• **Records drawn from a dataset**

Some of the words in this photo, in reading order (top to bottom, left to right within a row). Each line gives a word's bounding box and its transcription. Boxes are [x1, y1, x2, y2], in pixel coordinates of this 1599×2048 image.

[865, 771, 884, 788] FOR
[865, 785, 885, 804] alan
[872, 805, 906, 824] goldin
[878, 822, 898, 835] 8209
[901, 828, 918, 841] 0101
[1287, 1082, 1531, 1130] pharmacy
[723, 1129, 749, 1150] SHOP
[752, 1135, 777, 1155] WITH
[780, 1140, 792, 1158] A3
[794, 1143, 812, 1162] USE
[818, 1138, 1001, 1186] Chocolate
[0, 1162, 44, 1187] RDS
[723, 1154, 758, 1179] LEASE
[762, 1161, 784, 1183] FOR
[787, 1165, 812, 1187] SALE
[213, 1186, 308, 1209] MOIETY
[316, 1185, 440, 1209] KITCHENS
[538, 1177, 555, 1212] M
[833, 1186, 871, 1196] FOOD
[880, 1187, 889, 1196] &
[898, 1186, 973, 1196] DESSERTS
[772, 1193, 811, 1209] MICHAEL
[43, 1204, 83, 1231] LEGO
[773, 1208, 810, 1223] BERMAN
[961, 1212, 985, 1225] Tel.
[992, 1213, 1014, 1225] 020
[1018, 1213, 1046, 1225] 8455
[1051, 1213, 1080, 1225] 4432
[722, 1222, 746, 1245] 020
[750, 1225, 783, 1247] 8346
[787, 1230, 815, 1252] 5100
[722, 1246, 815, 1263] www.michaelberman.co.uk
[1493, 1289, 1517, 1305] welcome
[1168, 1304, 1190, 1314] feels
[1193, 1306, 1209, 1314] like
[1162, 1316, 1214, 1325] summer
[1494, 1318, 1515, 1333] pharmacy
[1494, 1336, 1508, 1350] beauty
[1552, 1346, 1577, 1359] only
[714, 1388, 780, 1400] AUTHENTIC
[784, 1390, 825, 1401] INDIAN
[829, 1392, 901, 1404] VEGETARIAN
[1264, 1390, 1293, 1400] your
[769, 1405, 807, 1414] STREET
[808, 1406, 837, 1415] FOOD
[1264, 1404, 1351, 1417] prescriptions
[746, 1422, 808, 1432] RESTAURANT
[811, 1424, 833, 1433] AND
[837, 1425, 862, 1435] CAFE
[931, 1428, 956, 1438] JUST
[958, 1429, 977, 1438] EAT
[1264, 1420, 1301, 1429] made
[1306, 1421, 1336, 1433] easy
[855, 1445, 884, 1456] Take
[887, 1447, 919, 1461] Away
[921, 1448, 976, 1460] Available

• **WHAT THE EXERCISE ASKS**
Your answer should be only a number: how many lines of the data above contain the string "FOOD"?

• **ANSWER TO THIS PROBLEM**
2